The Cameri Theater unveils enriching schedule

NETTA GERTI and Avishai Meridor star in ‘The Others.’  (photo credit: RADI RUBINSTEIN)
NETTA GERTI and Avishai Meridor star in ‘The Others.’
(photo credit: RADI RUBINSTEIN)
It used to be that there were few Israeli plays on our stages, but that day is long gone and now we have a serious roster of local playwrights whose contributions enrich local stage literature. The Cameri is no exception and has a list of 11 productions ranging from the upcoming The Others by veteran Hillel Mittelpunkt or Pregnancy by Edna Mazya, or Atonement by Rami Danon and Amnon Levi – and it’s a long time since one of theirs hit the stage too, It’s Me, a new musical by one of the younger generation, Maor Zaguri, or Don’t Quarrel and Romeo and Mom by actor/writer Gur Koren.

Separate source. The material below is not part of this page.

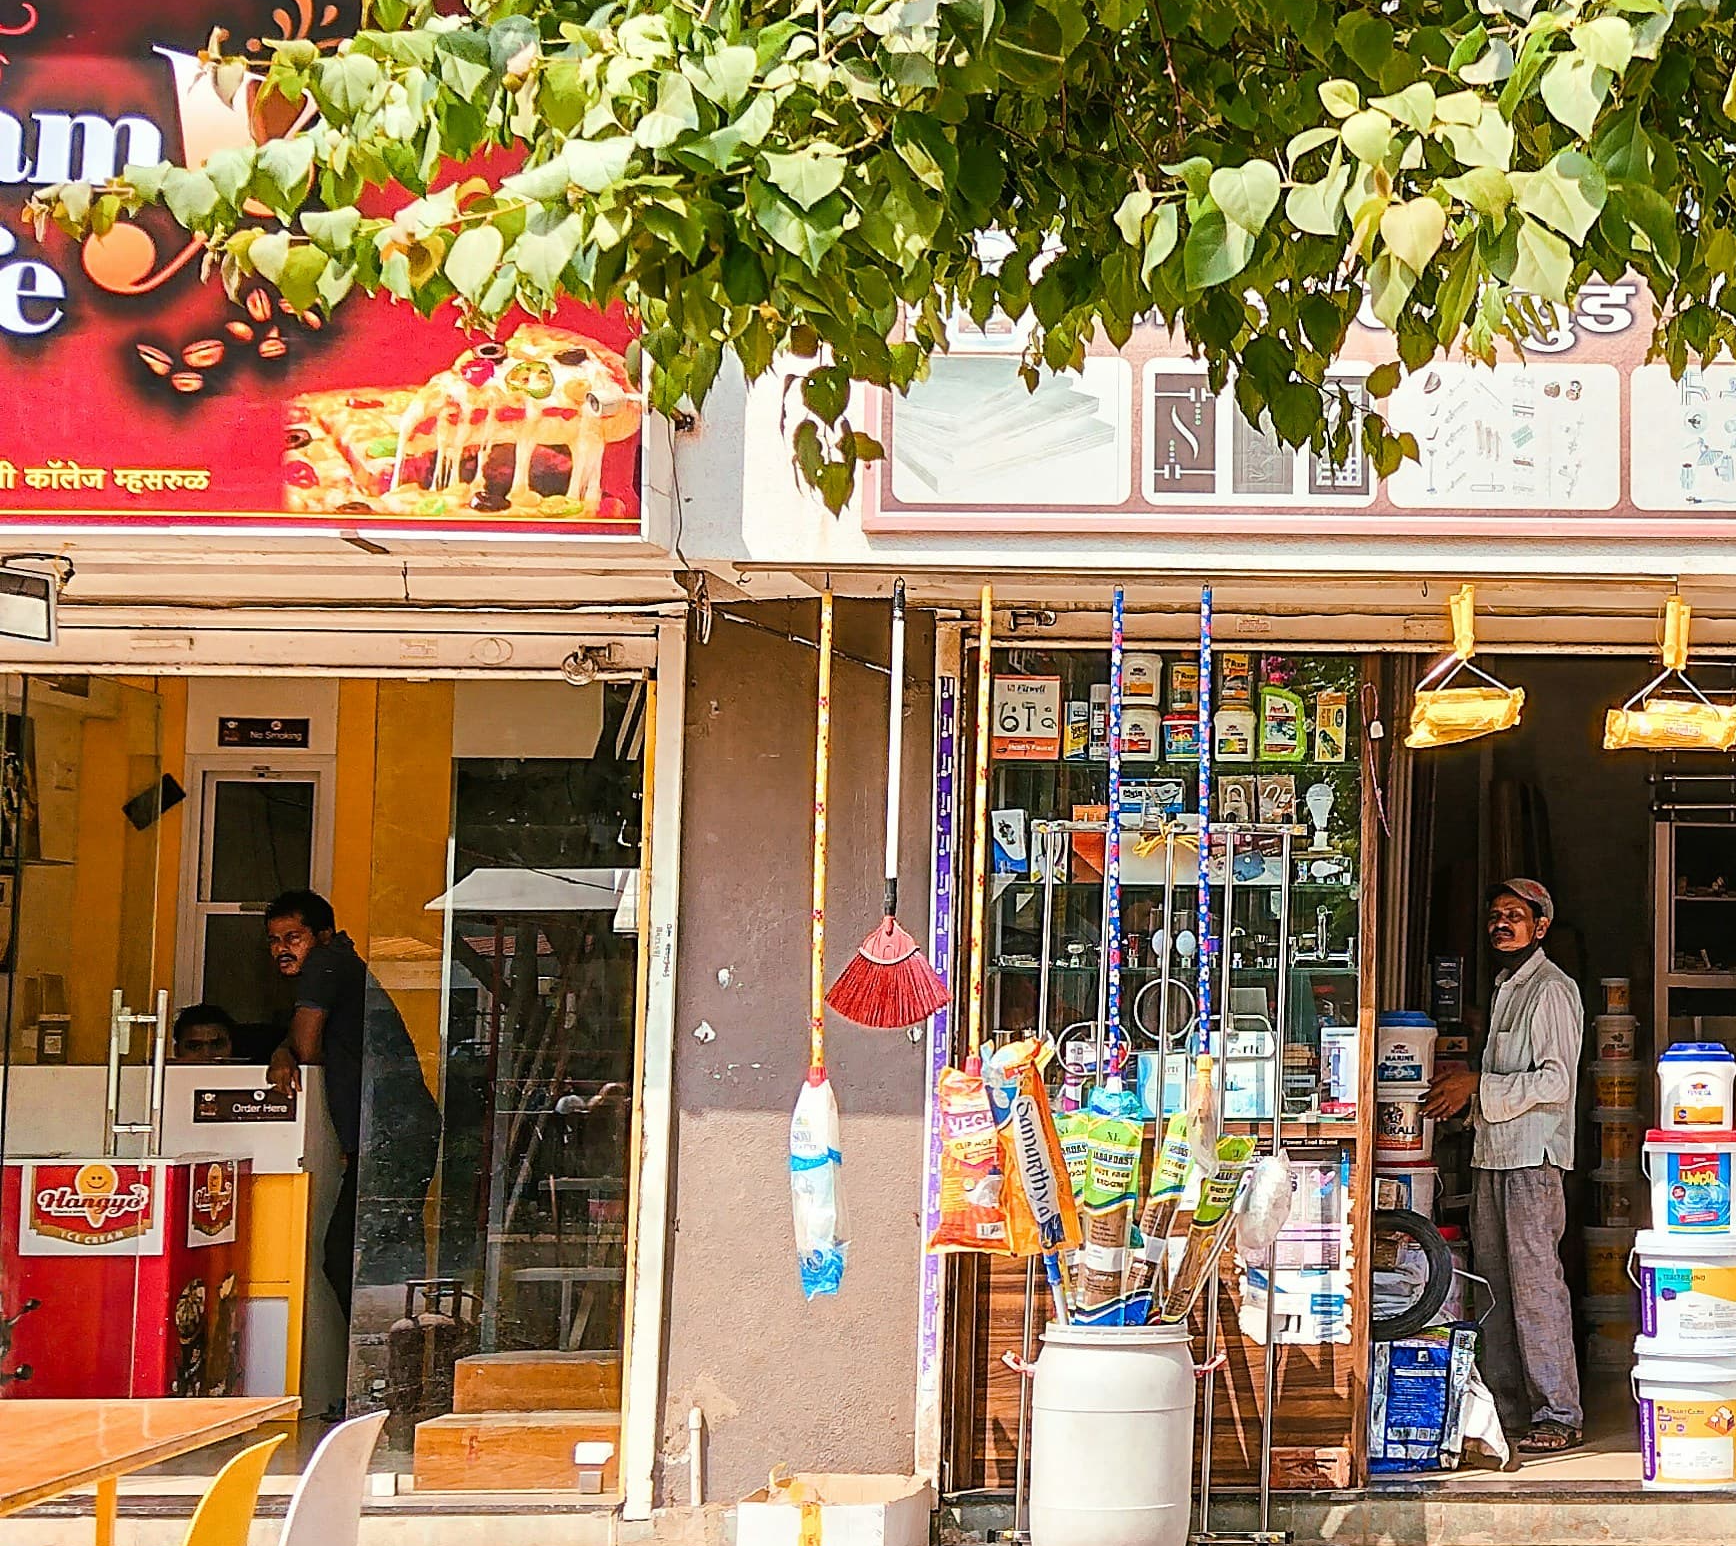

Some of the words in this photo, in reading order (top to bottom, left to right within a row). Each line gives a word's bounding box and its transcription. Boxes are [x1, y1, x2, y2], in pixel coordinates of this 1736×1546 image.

The Others is set in Mandatory Palestine, addressing the problem of the other; Pregnancy, inspired by Federico García Lorca’s Yerma, deals with the price to be paid for obsession; Atonement opens an abyss threatening the life and faith of a young haredi rabbi; It’s Me is a musical about an observant musical family built around songs by Eyal Golan. Don’t Quarrel is a comedy about what happens when three quarrelsome kids discover that their dad has left his house to go to a call-girl; Romeo and Mom, co-written with Gilad Kimchi, is also a comedy about what happens when a young man in a hardscrabble development town is oh-so-nearly cast as Romeo... and then Mom gets sick.

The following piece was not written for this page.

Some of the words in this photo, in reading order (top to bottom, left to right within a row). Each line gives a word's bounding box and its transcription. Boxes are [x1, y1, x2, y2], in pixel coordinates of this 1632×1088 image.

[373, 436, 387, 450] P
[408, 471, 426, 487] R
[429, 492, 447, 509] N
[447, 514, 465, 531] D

Director Irad Rubinstein, who has just won Director of the Year in the recent Israel Theater Prize awards, will do Othello for the Cameri which, if his Coriolanus (2016) and his Romeo and Juliet (2015) are any indication, will take this Shakespeare tragedy of jealousy and irrational hatred and hurl it ungently into the 21st century.
Currently in rehearsal is a double bill produced in New York last year: God of Vengeance by Sholem Asch to be directed by the prolific and multi-gifted Itai Tiran, and Indecency by Paula Vogel, a new play that charts the struggle over the former.
The original God of Vengeance is in Yiddish and came out in 1907. Orthodox Yankl and his family live pious, respectable lives. Yankl donates a Torah to his shul, and wants to marry his only daughter to a yeshiva student. He makes a respectable living from the brothel in his basement. Huh? Oh yes, and when the play came out in English in 1923, the whole cast was convicted of indecency. Indecency is all about that.
Other plays in the line-up include a stage adaptation of Etgar Keret’s iconoclastic Anihu, a love story. Well. Sort of. Yes? Absolutely. Guys and Gals by Hanoch Levin, a comedy of loneliness and unrequited love; Chekhov’s The Seagull and David Mamet’s savage Oleanna.
The basic subscription rate is NIS 627 for six shows.